These expressions are a textual representation of the knowledge about mineral percentages in syenite represented in the Streckeisen diagram. Minerals are described in a separate ontology which is imported into the rocks ontology.

FIGURE 2: Graphical overview of the rocks ontology. Arrows with open heads are used to denote a subsumption relation. Only a few sub-classes of rock are shown in the figure. The ontology uses the "minerals" ontology. A key concept is mineral-content. This can be used to indicate the amounts of minerals present in a certain rock. The mineral-content-constraint is an example of the use of a special CommonKADS modelling construct RULE-SCHEMA. It denotes a set of expressions about one or more other constructs, in this case about mineral-content. These constraints provide us with a way of describing the Streckeisen-diagram

Minerals This ontology describes the minerals that may be present in igneous rocks. The attributes of the mineral classes are those attributes that can be used to identify a mineral (within a thin section of an igneous rock) under a microscope. In addition, the crystal structure and the chemical formula are also listed.

Textures In the texture ontology all features of a rock that are related to the texture of rocks are described in a hierarchic fashion. This includes grain-sizes, grain-types, crystal shapes and habits, fabrics and textures. From this ontology one can completely describe a rock in textural terms. A graphical overview of the texture ontology is shown in Fig. 3. The leafs of this tree serve as values for their parent-nodes.

FIGURE 3: A graphical (incomplete) overview of the texture ontology. The boxes marked with '...' refer to more leaf-classes than there are shown here

4.2 Task/method-specific ontologies

An ontology for classification tasks We have constructed an ontology for classification tasks, A graphical overview of the ontology is shown in Fig 4. This ontology has the status of a proposal and will typically be subject of discussion and revision.
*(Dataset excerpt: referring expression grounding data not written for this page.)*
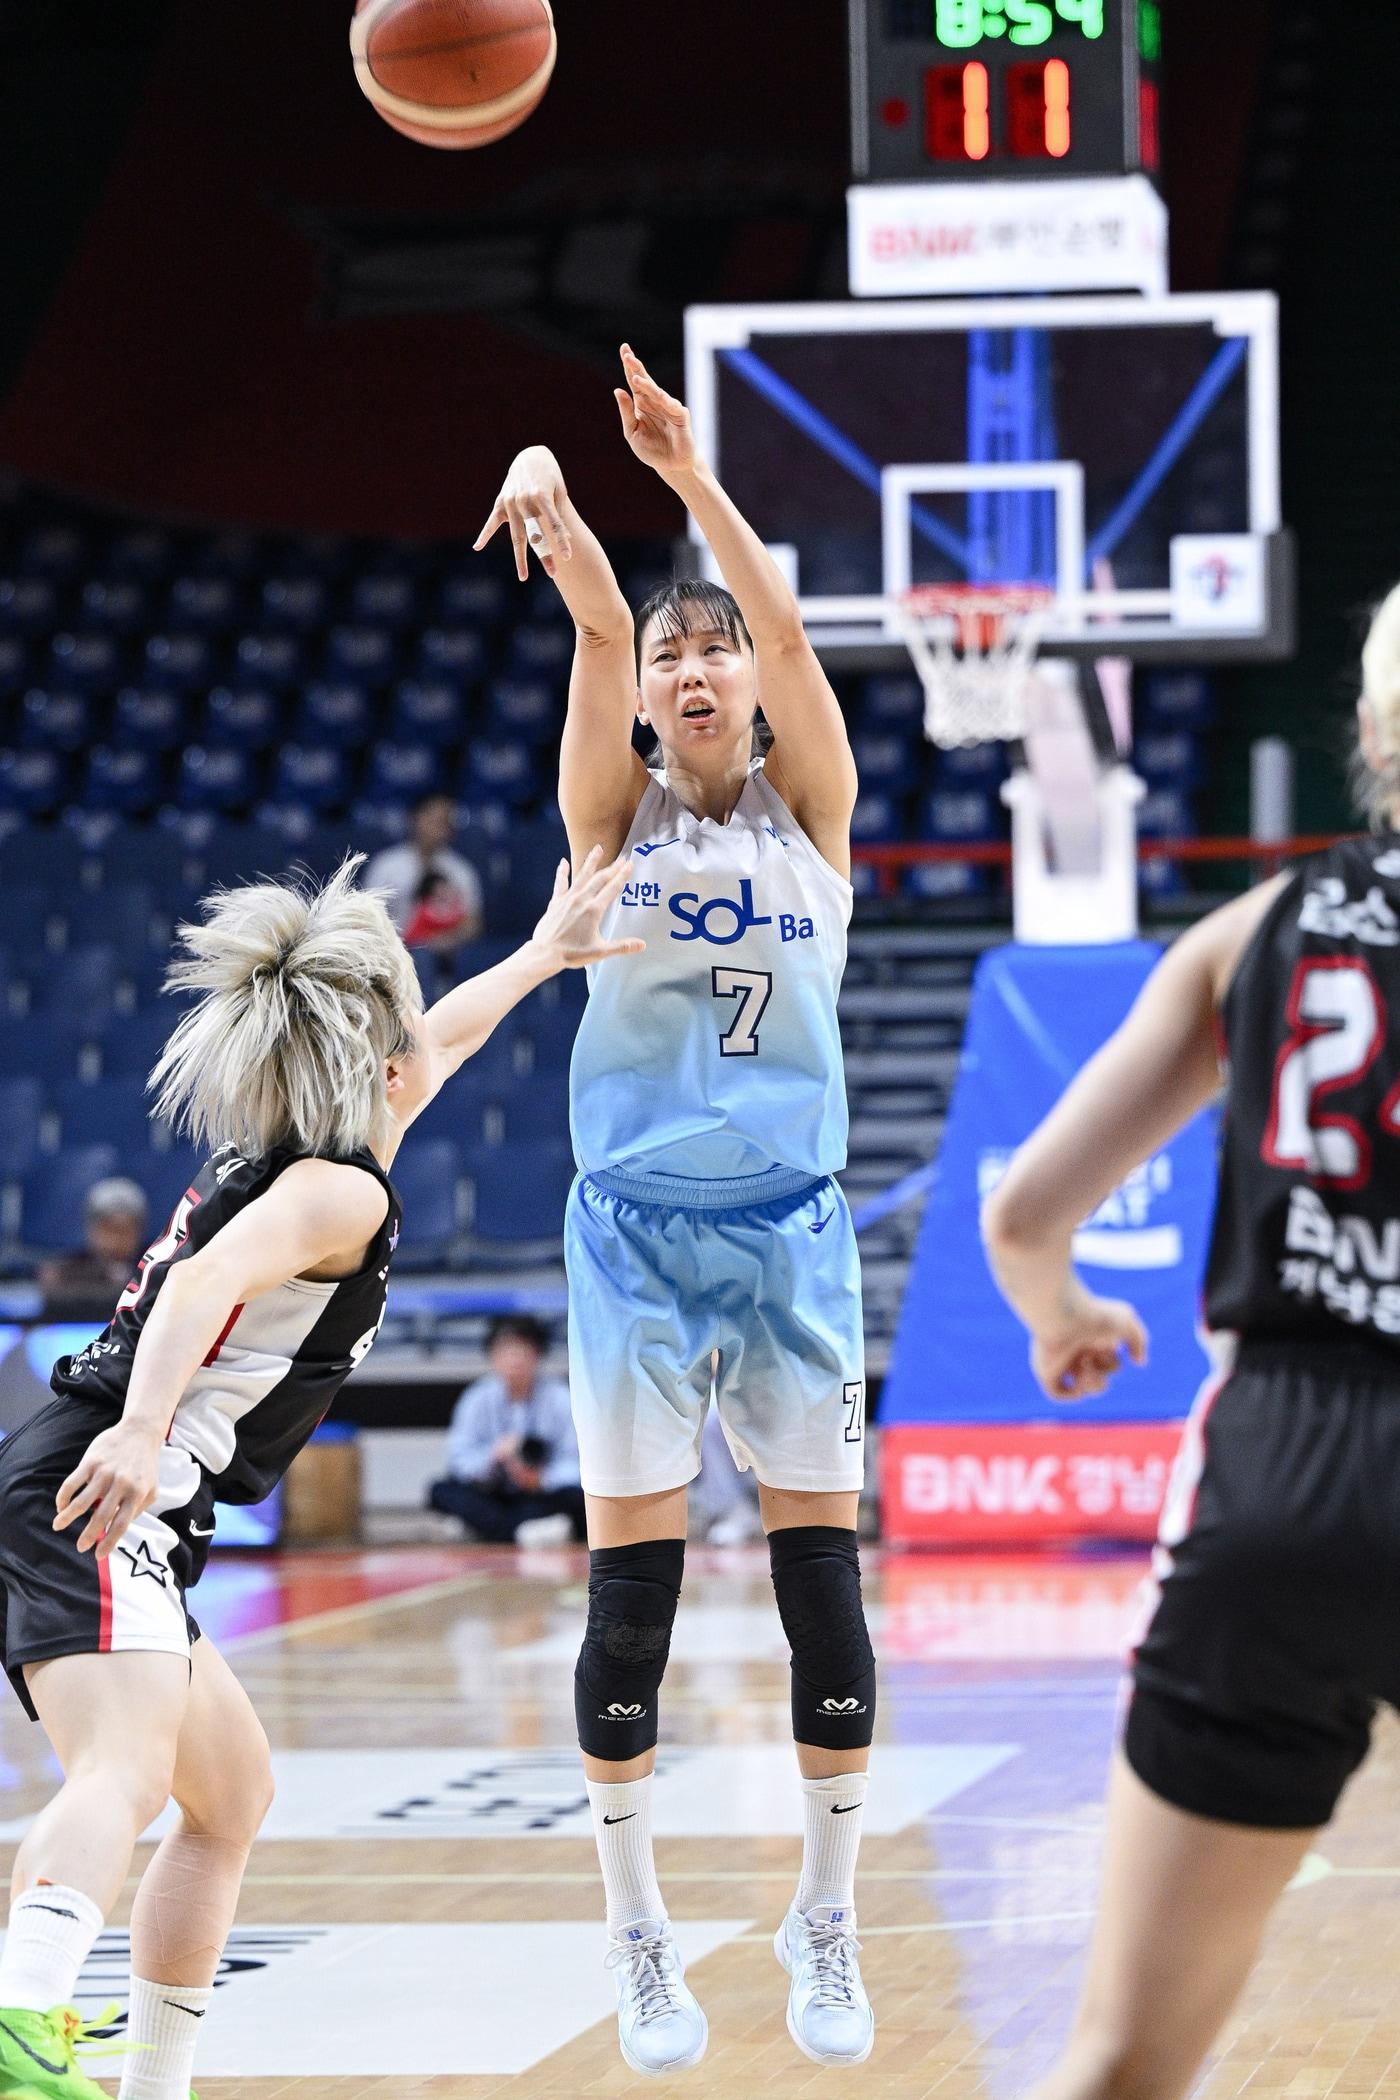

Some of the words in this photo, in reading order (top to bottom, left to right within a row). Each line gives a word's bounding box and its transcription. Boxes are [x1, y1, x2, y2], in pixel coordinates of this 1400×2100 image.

[963, 58, 1070, 160] 11
[621, 882, 662, 907] 신한
[668, 879, 772, 945] SOL
[779, 913, 820, 943] Ba
[712, 966, 773, 1057] 7
[1263, 955, 1400, 1190] 2
[843, 1381, 863, 1443] 7
[901, 1455, 1061, 1514] BNK
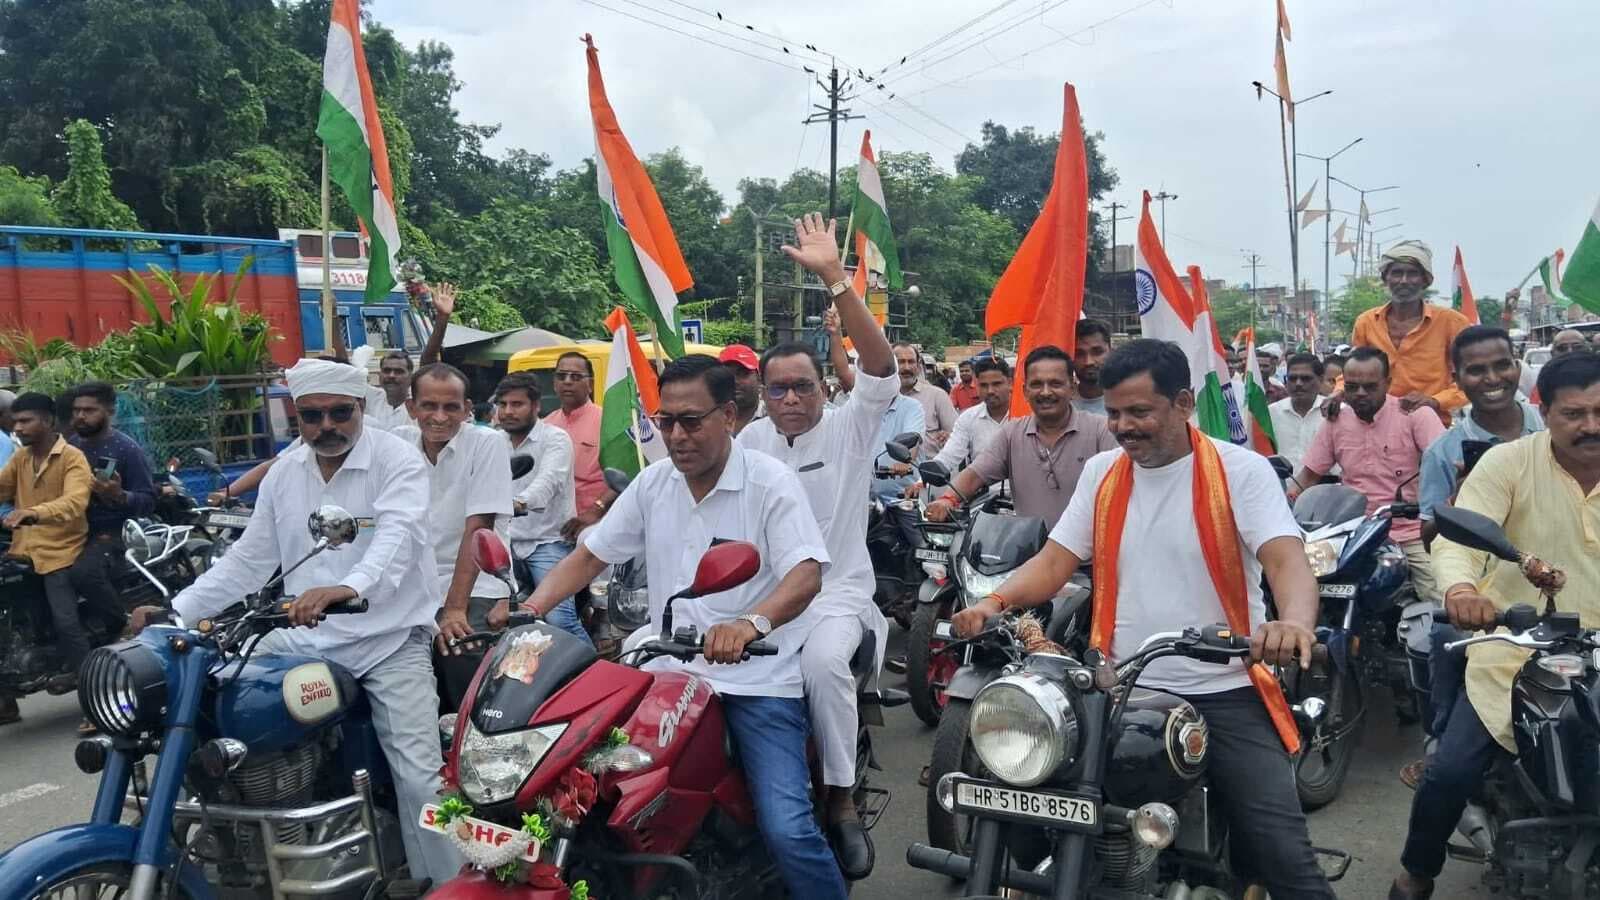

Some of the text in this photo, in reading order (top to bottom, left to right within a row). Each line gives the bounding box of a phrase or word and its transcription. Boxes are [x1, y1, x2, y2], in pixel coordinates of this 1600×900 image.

FIGURE 4: A first attempt to define an ontology that contains the conceptualizations common to classification tasks

The two central concepts in the classification ontology are object-type and descriptor. "Object-type" represents the general category to which objects that need to be classified belong, e.g. apple, rock or art object. A descriptor provides information about instances of the object type. For example, colour and grain size are descriptors of apples. Descriptors are part of a space of descriptors, termed the description-universe which consist of several dimensions. Each descriptor belongs to one dimension. These dimensions are mostly different ways of observing an object. For example, for rocks we distinguish between a macroscopic and a microscopic dimension. For apples, we could have the surface inspection and the internal inspection as two different descriptor dimensions. Each descriptor has an associated value set. The reified relation descriptor-value is used to represent a descriptor-value pair.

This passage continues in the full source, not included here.